Com relevo para a decisão não existem outros factos que devam considerar-se não provados.

 

           

 

 

            3.         Motivação da Decisão da Matéria de Facto

 

A convicção do Tribunal funda-se nos elementos documentais carreados para os autos pelas Partes, não sendo a matéria de facto controvertida.

 

 

          IV.     Do Mérito

 

            1.         Questão a Decidir: Sobre a Aplicabilidade do artigo 45.º, n.º 3 do Código do IRC

 

Está em causa a dedução fiscal de perdas reportadas ao exercício de 2012, derivadas do ajustamento de ativos financeiros mensurados pelo justo valor, nos termos do citado artigo 18.º, n.º 9, alínea a) do Código do IRC.

 

A questão que se suscita nesta ação é estritamente de direito e prende-se com a interpretação do artigo 45.º, n.º 3 do Código do IRC. Importa aferir se, à data dos factos, a previsão desta norma (entretanto revogada[3]) englobava os gastos (variações anuais negativas) derivados do método do justo valor relativamente aos instrumentos de capital próprio mencionados no artigo 18.º, n.º 9, alínea a), do mesmo diploma, com a consequente limitação da respetiva dedutibilidade fiscal em 50%.

 

As variações negativas de justo valor verificadas no exercício de 2012, resultantes da oscilação da cotação das ações, apenas foram tidas em conta no cômputo do lucro tributável em 50% do seu valor, entendimento que a Requerente coloca em crise.

 

A matéria que se discute nestes autos tem sido objeto de apreciação em inúmeros processos arbitrais, consolidando-se uma corrente maioritária no sentido da inaplicabilidade do regime do artigo 45.º, n.º 3, do Código do IRC aos gastos provenientes de variações de ativos financeiros reconhecidos e mensurados ao justo valor[4].

 

Posição maioritária que veio a ser confirmada pelo Acórdão do Supremo Tribunal Administrativo, no processo n.º 0582/17, de 6 de junho de 2018, segundo o qual “[a] norma do artigo 45.º, n.º 3 do CIRC não é aplicável quando ocorre a determinação – ao Justo Valor – do valor dos ativos sujeitos a mercado regulado por entidades oficiais, porque a razão da sua existência, combate à evasão e elisão fiscal, não tem justificação, o valor dos ativos – a posição financeira – acaba por ser “estranho” e alheio à vontade do contribuinte que, em última instância, nada releva para a valorização ou desvalorização do respetivo ativo.”

 

De acordo com este entendimento, rejeita-se uma pura interpretação literal do preceito em análise (artigo 45.º, n.º 3 do Código do IRC), com base nos seguintes argumentos:

 

“[…] o n.º 3 introduzido no art. 42.º do CIRC (depois, art. 45.º) pelo Orçamento do Estado para 2003 veio impor uma limitação à dedutibilidade das perdas resultantes de menos-valias, nos termos da qual a diferença negativa entre as mais-valias e as menos-valias realizadas mediante a transmissão onerosa de partes de capital concorre em apenas metade do seu valor para a formação do lucro tributável.

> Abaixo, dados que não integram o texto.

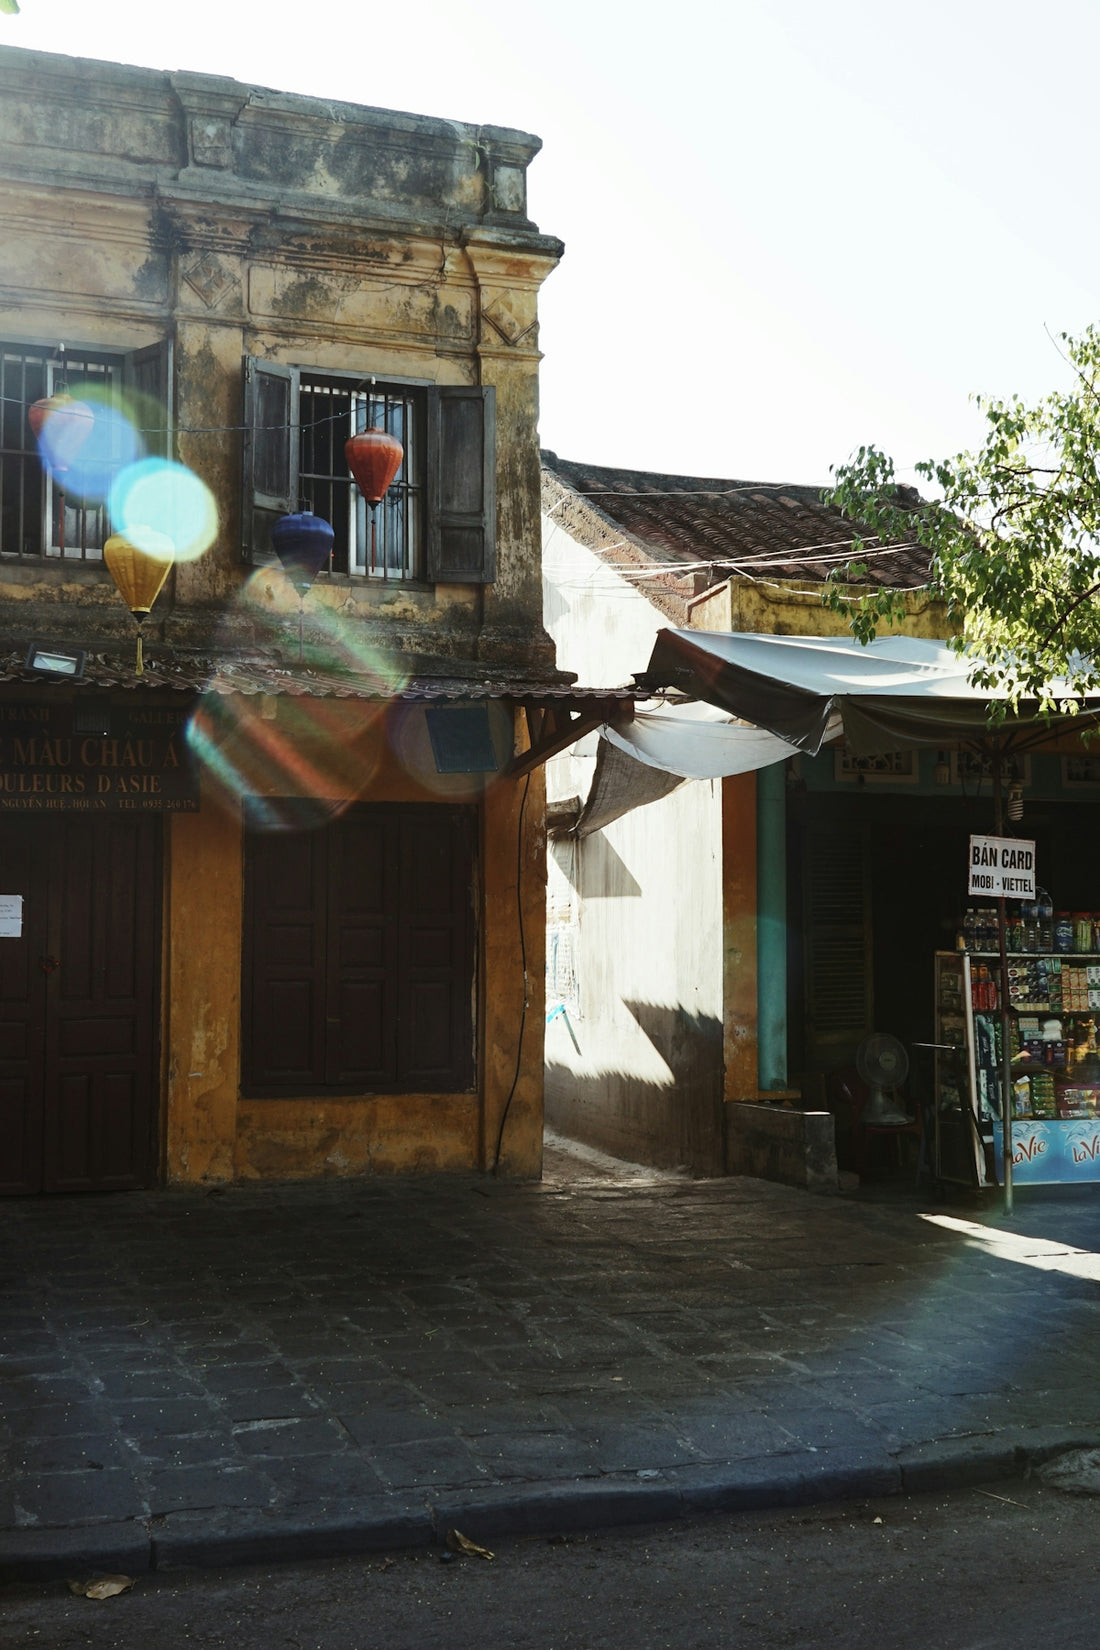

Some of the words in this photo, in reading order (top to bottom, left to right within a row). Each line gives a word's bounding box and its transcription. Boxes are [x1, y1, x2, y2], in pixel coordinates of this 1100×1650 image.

[12, 729, 72, 767] MÀU
[80, 731, 155, 767] CHÂU
[162, 730, 180, 768] Á
[972, 842, 998, 867] BÁN
[1001, 848, 1033, 870] CARD
[972, 874, 994, 889] MOBI
[1002, 876, 1033, 893] VIETTEL

            Sob essa ótica, na realização de uma menos-valia seria determinante apurar se esta resulta da transmissão onerosa de partes de capital. Na afirmativa, haveria de se aplicar a limitação dos 50% da diferença negativa entre as mais-valias e as menos-valias.

            Com o Orçamento do Estado para o ano de 2006, a referida limitação viu o seu âmbito de aplicação ser alargado: para além das menos-valias resultantes de alienações onerosas, passou também a incluir as transmissões onerosas de «outras componentes do capital próprio».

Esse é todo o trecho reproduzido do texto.